:: PROVIDED RECORDS

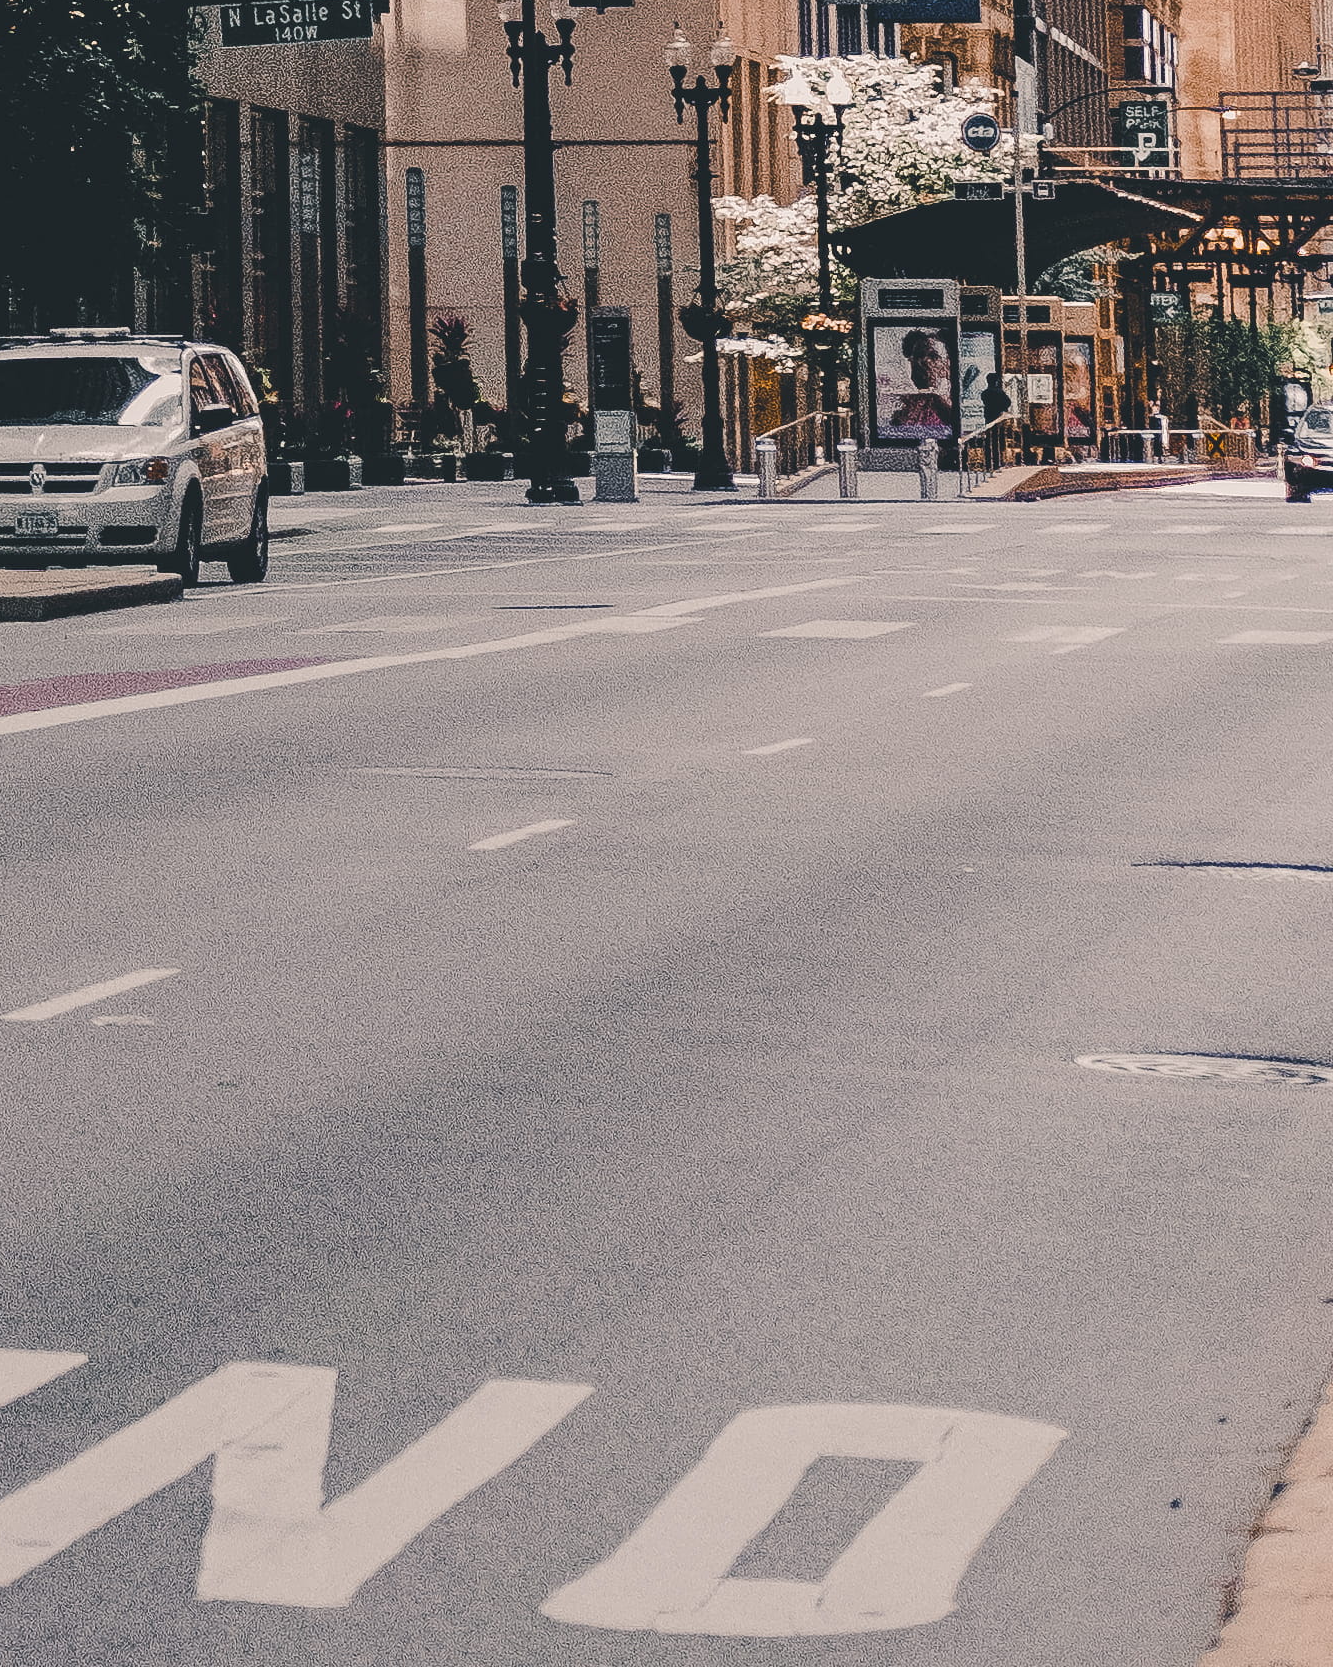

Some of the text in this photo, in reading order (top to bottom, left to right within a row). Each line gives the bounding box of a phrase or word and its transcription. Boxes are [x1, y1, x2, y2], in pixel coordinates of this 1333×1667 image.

[228, 0, 363, 28] N LaSalle St
[275, 25, 319, 42] 140W
[1125, 105, 1159, 118] SELF
[967, 124, 995, 139] cta

::::

▶ **WORK TASK**
Would you retype the entries above in full, exactly as written, minus the pictures?

▶ **EXERCISE RESPONSE**
Some of the text in this photo, in reading order (top to bottom, left to right within a row). Each line gives the bounding box of a phrase or word and its transcription. Boxes are [x1, y1, x2, y2], in pixel coordinates of this 1333×1667 image.

[228, 0, 363, 28] N LaSalle St
[275, 25, 319, 42] 140W
[1125, 105, 1159, 118] SELF
[967, 124, 995, 139] cta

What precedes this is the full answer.